Unfortunately, it doesn’t work: Not all scent claims are scientifically accurate.

In this case, Science does not support Science Fiction. Scents will not rouse us from sleep, according to Brown University.  Researchers studied 6 participants in their early 20s and the effects of 2 Scents: pleasurable Peppermint and offensive Pyridine (Pyridine is a common byproduct of fire).  The findings indicated that sleep is, in fact, a period when senses are limited.  In fact, there’s a significant alteration of perceptual processing as a very function of sleep.

People cannot rely on their sense of smell to awaken them to the danger of fire.  The 2004 Brown University study titled “Minimal Olfactory Perception During Sleep: Why Odor Alarms Will Not Work for Humans”actually pre-dates the alarm clock.

Tested during moderate Stage Two Sleep, deep Stage Four Sleep and the deepest REM (rapid eye movement) Sleep, the results were low.
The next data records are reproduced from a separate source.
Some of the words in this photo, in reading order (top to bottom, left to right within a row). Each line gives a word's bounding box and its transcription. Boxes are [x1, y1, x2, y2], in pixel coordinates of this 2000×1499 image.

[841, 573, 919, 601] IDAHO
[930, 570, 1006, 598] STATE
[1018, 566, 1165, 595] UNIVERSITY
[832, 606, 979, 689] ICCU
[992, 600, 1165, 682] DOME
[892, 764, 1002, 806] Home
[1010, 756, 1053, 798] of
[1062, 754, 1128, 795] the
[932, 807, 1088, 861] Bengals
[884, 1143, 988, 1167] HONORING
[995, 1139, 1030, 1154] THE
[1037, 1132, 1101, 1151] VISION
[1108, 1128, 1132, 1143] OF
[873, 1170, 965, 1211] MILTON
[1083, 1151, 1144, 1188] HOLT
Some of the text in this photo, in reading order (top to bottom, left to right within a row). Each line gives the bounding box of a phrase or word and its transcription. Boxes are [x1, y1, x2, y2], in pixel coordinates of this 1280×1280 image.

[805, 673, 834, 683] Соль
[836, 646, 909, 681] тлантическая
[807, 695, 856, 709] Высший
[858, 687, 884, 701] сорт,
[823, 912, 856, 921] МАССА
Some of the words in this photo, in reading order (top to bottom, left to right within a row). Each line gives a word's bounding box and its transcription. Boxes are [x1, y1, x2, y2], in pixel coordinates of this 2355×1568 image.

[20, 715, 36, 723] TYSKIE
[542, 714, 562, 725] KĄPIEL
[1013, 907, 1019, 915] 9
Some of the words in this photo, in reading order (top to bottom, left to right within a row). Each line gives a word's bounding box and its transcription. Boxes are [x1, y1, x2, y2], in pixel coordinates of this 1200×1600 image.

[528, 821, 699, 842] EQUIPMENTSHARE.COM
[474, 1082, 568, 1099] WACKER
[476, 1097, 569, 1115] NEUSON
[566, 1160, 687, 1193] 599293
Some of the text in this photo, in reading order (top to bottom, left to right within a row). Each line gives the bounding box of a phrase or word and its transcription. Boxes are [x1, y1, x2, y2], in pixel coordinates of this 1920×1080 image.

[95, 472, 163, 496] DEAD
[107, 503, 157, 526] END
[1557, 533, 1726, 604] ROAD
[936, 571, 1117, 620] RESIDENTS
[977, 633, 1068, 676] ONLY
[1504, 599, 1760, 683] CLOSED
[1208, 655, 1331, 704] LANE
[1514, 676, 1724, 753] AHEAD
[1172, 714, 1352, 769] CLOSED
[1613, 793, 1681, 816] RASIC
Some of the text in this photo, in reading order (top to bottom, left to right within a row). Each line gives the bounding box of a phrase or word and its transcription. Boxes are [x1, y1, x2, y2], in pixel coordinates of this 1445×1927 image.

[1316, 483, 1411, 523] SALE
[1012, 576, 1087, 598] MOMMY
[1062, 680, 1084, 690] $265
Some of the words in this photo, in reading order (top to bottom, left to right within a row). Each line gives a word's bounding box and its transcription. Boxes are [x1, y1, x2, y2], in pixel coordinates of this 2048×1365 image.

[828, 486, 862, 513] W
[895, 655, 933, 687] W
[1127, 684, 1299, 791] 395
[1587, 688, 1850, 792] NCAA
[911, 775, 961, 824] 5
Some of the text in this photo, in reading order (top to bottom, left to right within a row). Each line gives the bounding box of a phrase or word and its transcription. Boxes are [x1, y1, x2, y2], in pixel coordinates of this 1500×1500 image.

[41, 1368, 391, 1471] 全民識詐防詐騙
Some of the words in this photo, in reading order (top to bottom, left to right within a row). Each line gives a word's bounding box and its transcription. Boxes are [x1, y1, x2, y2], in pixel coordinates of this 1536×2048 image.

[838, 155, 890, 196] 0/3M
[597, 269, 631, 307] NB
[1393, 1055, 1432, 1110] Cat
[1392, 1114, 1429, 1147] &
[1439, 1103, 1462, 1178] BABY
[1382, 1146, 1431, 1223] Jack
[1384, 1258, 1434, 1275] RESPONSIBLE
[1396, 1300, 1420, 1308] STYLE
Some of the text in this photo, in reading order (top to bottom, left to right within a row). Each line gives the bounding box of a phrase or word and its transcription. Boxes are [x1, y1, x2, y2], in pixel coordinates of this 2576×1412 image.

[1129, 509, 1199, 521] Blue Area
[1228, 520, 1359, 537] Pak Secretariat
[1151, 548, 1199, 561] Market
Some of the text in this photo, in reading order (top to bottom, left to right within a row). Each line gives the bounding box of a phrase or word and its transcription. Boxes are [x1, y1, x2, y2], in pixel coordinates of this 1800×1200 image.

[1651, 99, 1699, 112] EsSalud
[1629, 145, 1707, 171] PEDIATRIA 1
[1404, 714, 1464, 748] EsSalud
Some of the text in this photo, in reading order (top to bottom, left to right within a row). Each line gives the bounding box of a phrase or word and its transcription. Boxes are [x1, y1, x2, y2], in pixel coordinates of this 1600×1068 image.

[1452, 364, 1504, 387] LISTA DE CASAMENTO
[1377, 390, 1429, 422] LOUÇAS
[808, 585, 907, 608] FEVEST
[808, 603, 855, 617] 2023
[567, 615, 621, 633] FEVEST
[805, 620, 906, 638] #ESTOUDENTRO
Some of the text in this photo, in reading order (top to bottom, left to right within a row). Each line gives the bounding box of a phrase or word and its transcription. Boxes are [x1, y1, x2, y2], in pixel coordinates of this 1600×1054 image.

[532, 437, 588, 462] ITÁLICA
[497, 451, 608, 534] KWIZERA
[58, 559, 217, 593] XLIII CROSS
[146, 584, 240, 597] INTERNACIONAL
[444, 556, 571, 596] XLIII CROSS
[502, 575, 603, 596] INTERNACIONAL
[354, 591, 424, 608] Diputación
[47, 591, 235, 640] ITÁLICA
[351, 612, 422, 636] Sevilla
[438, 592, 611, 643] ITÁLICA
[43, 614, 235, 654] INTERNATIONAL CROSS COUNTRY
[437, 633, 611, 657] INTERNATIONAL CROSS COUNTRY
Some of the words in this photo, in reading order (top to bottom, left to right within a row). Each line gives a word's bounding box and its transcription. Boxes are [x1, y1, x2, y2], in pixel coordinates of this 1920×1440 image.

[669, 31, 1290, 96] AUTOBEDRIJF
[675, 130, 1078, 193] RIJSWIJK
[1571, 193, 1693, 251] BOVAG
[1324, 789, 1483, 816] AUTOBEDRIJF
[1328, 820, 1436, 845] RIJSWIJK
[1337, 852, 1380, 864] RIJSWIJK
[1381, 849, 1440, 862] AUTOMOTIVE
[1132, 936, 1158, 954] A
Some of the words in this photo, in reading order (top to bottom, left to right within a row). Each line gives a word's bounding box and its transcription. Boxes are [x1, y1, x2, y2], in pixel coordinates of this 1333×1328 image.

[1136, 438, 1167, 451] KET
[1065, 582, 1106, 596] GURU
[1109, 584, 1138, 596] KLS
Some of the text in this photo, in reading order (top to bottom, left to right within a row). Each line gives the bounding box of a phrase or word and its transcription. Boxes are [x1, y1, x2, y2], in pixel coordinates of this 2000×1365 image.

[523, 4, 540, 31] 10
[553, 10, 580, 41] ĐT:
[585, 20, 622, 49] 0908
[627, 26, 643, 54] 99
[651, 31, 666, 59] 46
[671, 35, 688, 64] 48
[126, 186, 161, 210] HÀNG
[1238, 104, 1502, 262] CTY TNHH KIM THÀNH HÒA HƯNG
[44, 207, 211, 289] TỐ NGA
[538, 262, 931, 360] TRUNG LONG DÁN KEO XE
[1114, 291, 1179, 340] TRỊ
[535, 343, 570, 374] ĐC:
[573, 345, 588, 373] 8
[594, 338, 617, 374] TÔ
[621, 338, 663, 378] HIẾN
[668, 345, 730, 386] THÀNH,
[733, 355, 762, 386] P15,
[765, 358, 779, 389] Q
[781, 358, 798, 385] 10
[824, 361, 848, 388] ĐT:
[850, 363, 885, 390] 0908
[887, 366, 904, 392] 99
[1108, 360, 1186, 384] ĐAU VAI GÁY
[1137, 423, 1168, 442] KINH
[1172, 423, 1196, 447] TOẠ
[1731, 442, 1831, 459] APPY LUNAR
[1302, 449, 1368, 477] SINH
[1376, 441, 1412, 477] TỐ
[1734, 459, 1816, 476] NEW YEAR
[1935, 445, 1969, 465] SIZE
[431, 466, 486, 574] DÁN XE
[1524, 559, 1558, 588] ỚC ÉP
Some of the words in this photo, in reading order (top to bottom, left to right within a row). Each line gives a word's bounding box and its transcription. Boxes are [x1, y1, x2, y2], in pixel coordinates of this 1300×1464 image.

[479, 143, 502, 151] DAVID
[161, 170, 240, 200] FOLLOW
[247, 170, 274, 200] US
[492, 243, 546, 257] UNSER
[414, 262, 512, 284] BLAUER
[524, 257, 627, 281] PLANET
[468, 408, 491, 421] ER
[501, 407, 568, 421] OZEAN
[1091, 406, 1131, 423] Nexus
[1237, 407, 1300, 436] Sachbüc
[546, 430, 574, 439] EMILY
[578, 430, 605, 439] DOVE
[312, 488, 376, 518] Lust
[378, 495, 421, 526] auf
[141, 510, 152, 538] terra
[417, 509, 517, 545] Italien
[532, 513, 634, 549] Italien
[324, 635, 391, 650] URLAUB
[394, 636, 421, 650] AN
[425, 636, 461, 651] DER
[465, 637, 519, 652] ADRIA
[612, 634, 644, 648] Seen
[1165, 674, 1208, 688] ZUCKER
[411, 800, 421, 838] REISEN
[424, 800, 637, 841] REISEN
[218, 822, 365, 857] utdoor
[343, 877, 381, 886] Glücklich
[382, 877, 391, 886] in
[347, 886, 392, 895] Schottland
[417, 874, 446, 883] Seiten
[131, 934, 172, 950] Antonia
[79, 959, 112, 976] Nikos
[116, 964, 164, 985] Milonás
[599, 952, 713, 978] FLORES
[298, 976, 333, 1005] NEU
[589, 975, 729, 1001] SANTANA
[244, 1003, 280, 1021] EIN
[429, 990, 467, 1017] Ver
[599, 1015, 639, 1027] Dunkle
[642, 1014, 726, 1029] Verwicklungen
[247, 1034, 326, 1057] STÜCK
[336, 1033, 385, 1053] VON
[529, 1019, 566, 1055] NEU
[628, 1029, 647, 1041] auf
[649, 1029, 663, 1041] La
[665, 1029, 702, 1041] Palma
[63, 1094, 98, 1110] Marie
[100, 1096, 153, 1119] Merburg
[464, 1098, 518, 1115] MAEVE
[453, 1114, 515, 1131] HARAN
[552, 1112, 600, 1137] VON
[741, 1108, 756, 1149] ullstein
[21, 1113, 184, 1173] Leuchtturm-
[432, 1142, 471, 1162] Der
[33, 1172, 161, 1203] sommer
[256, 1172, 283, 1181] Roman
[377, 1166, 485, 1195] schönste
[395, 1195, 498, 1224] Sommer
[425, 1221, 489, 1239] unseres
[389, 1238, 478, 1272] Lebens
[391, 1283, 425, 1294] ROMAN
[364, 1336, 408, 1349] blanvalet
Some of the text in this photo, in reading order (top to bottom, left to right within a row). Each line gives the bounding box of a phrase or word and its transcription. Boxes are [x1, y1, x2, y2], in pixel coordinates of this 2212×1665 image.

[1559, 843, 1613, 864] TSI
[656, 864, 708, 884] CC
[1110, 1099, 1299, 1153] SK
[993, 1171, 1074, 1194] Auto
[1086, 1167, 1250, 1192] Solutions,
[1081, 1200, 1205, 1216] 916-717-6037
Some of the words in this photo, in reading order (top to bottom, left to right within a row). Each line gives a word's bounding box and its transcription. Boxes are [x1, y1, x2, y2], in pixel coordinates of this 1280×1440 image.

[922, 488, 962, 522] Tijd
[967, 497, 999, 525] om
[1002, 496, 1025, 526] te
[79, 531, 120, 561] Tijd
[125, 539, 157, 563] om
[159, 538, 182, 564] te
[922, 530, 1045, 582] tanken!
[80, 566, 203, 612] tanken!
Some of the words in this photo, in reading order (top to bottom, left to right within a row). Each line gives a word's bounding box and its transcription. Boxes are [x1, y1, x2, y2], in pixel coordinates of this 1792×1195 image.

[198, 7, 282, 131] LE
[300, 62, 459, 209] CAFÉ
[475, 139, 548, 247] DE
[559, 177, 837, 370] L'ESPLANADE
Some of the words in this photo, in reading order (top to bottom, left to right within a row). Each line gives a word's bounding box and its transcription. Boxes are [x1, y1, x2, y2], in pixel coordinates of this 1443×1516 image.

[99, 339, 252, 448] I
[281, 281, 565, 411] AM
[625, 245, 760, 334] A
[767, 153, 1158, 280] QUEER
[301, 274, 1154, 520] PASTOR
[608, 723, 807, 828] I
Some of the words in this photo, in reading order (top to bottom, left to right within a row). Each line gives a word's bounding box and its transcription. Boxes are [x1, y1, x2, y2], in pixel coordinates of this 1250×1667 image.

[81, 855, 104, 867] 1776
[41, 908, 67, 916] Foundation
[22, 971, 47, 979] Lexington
No one responded to peppermint during sleep.    Responses to the noxious Pyridine Scent were infrequent. It also did not wake any participants in the deepest stage of sleep. However, sound woke the participants regardless of the sleep stage. A moderately loud auditory tone produced arousal from sleep virtually every time the scents did not.

Human olfaction appears insufficiently sensitive and reliable to act as a sentinel system,” said Rachel S. Herz, Adjunct Assistant Professor in the Department of Psychiatry and Human Behavior, and her co-author may have said it best,

“As the saying goes,” said Dr. Mary A. Carskadon, “We ‘wake up and smell the coffee,’ not the other way around.”

As science aligns with fiction, reality shifts and the impossible becomes possible. In the world of Scent, while not all solutions work, science will stretch the boundaries.